Self-assembly of DNA into nanoscale three-dimensional shapes

A key challenge for biomolecular nanotechnologists is to develop methods to use nanoscale primitives for "bottom-up fabrication" of structures that rival the size and complexity of those found in nature. In 1982, Nadrian Seeman laid the theoretical framework for using DNA as a nanoscale building material by suggesting that stable branched motifs could be created out of synthetic DNA oligonucleotides. Subsequently, DNA has been used to make increasingly complex shapes and lattices. In 2006, Rothemund introduced "scaffolded DNA origami", a versatile method that he used to construct diverse planar shapes with dimensions of 100 nm in diameter and 6 nm spatial resolution. The method uses hundreds of short oligonucleotide "staple" strands to direct the folding of a long, single strand of DNA into a programmed arrangement. We have extended Rothemund's method to building three-dimensional shapes formed as pleated layers of helices constrained to a honeycomb lattice. We constructed several shapes with precisely controlled dimensions ranging from 10 to 100 nm, and found that proper assembly requires weeklong folding times and calibrated monovalent and divalent cation concentrations. Expanding on previous work that has focused primarily on pure oligo-based DNA nanostructures, or variations on planar DNA origami similar to Rothemund's original designs, we have developed caDNAno, an open-source software package for designing 3D DNA origami shapes.;For each advance in fabrication methods, a second key challenge is to realize demand-meeting applications.
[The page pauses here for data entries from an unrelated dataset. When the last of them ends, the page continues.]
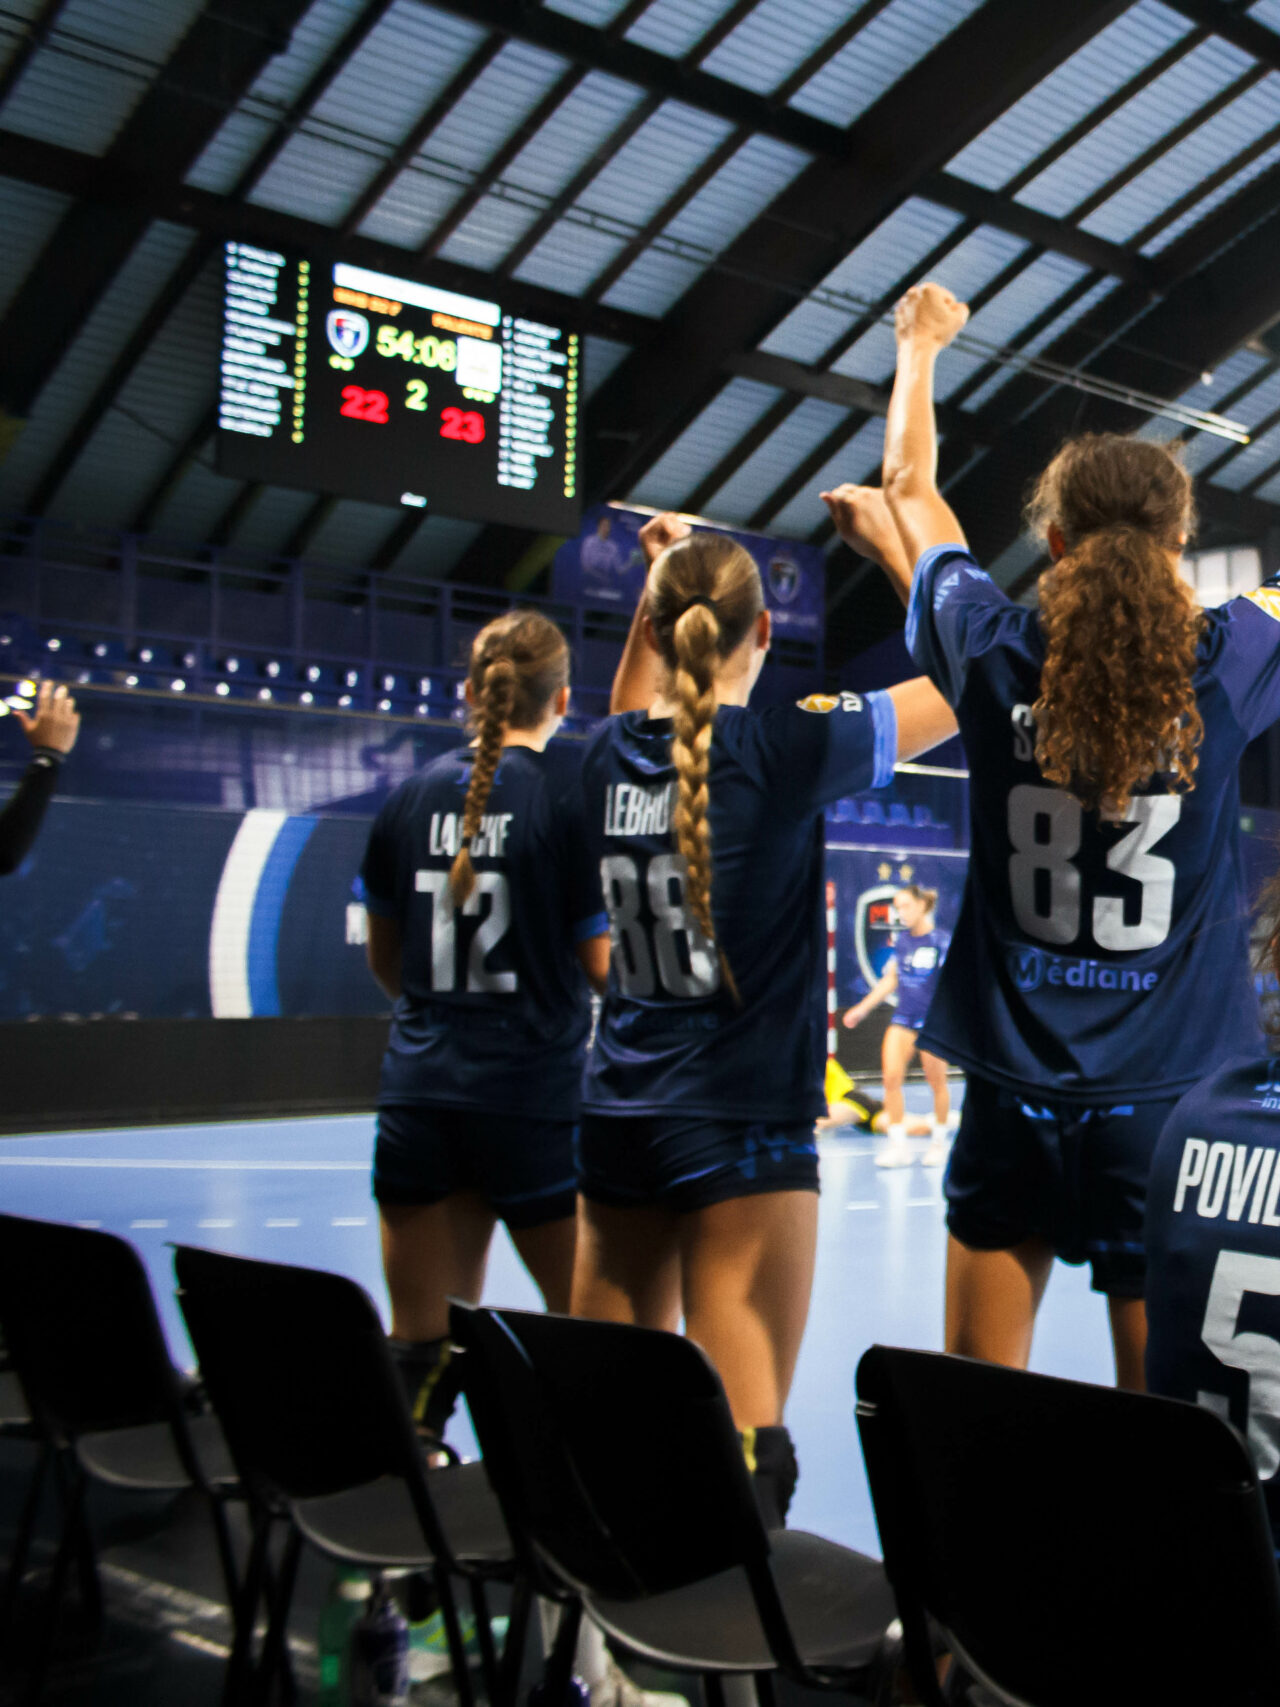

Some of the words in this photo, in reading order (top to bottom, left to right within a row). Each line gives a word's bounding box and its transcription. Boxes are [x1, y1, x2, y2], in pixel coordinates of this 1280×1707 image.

[340, 384, 389, 424] 22
[405, 378, 429, 411] 2
[440, 406, 486, 444] 23
[1007, 783, 1182, 952] 83
[414, 868, 518, 993] 12
[600, 854, 720, 998] 88
[1011, 946, 1160, 993] Médiane
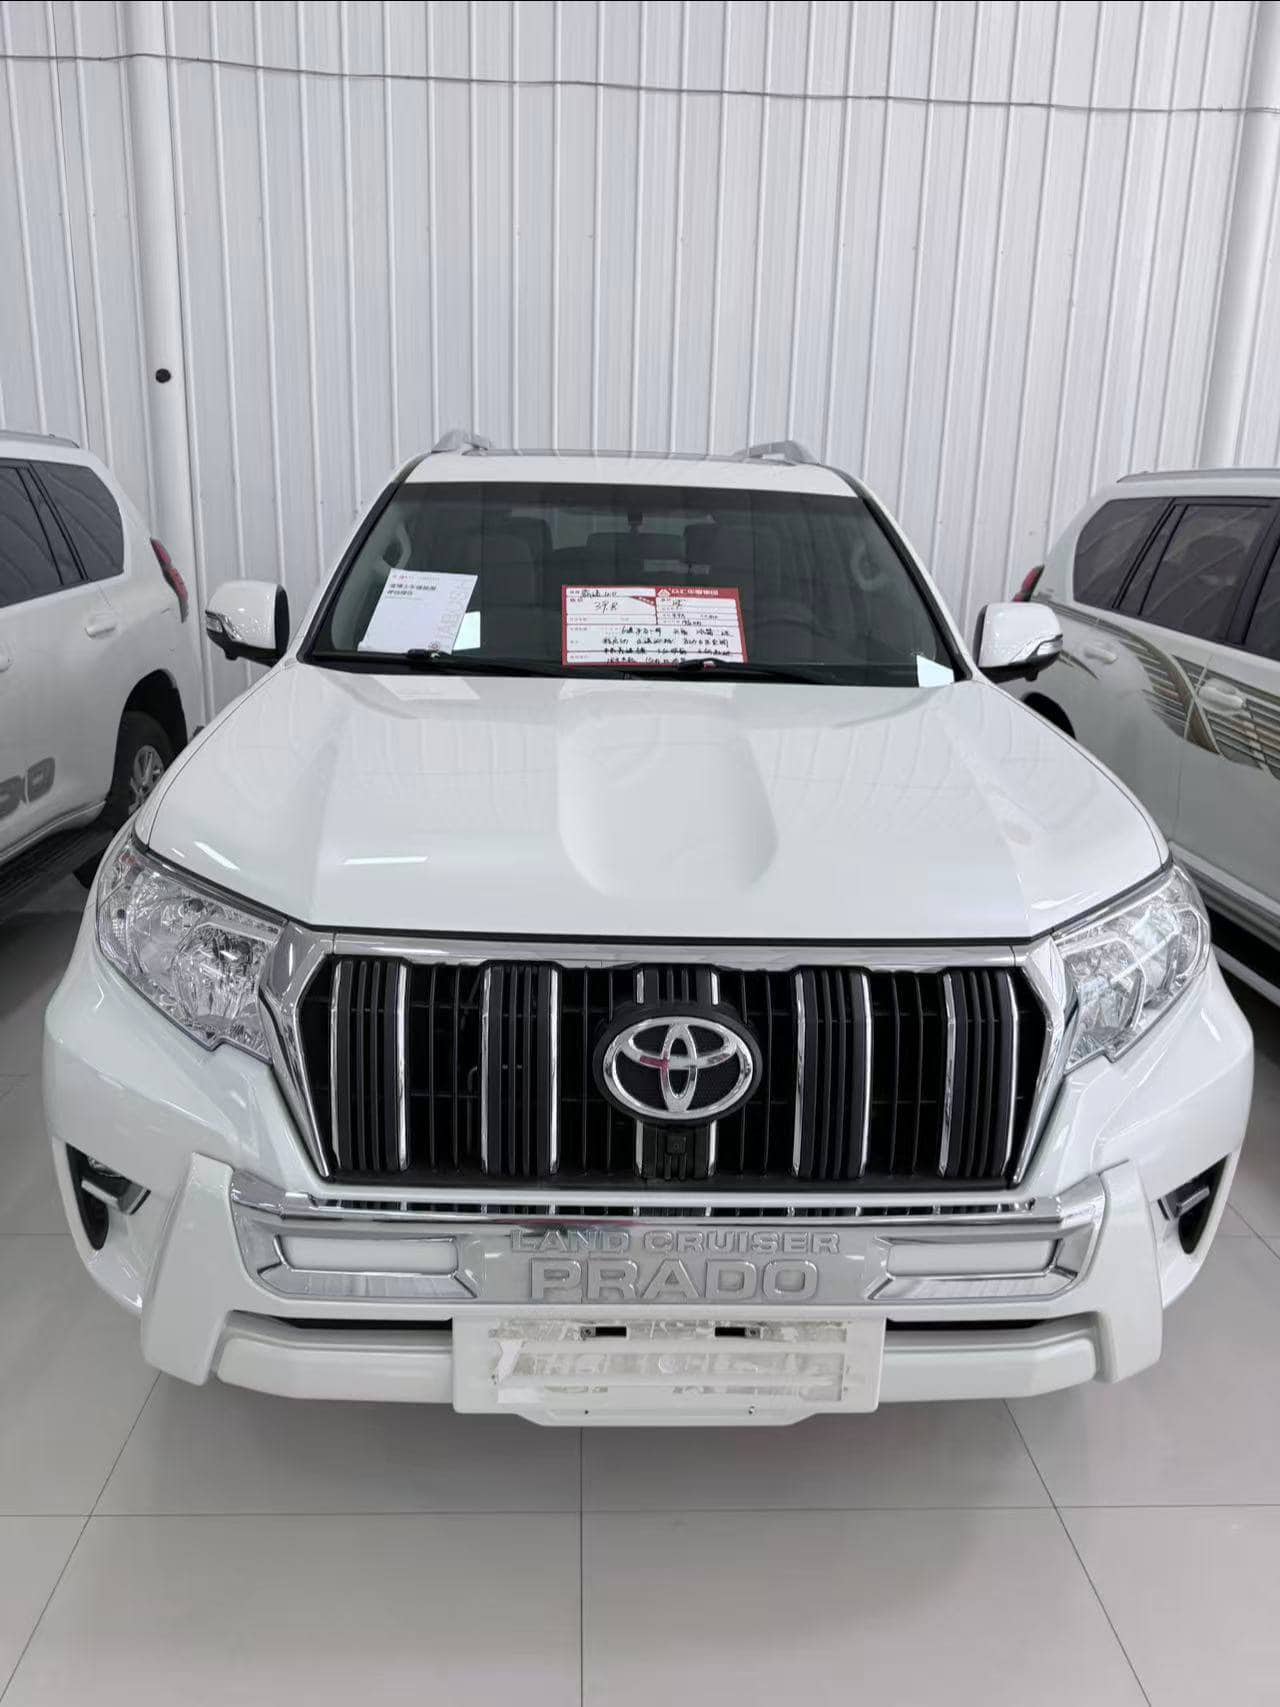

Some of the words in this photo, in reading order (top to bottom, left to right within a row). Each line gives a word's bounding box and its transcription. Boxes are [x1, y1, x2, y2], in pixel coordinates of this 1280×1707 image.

We have developed the first detergent-compatible liquid crystal for NMR structure determination of membrane proteins. Membrane proteins comprise approximately one-third of the human genome but represent less than 1% of known structures. By weakly aligning membrane proteins under a strong magnetic field, orientation constraints in the form of NMR dipolar couplings can be measured and used for structure determination. Previously known liquid-crystalline alignment media (such as concentrated Pf1 phage) worked for soluble proteins, but were incompatible with detergents necessary for solubilization of membrane proteins. Our DNA-nanotube-based alignment medium was validated by measurements on transmembrane domain of the zeta-zeta chain of the T-cell receptor complex and a 40 kD truncated version of the influenza B virus BM2 channel.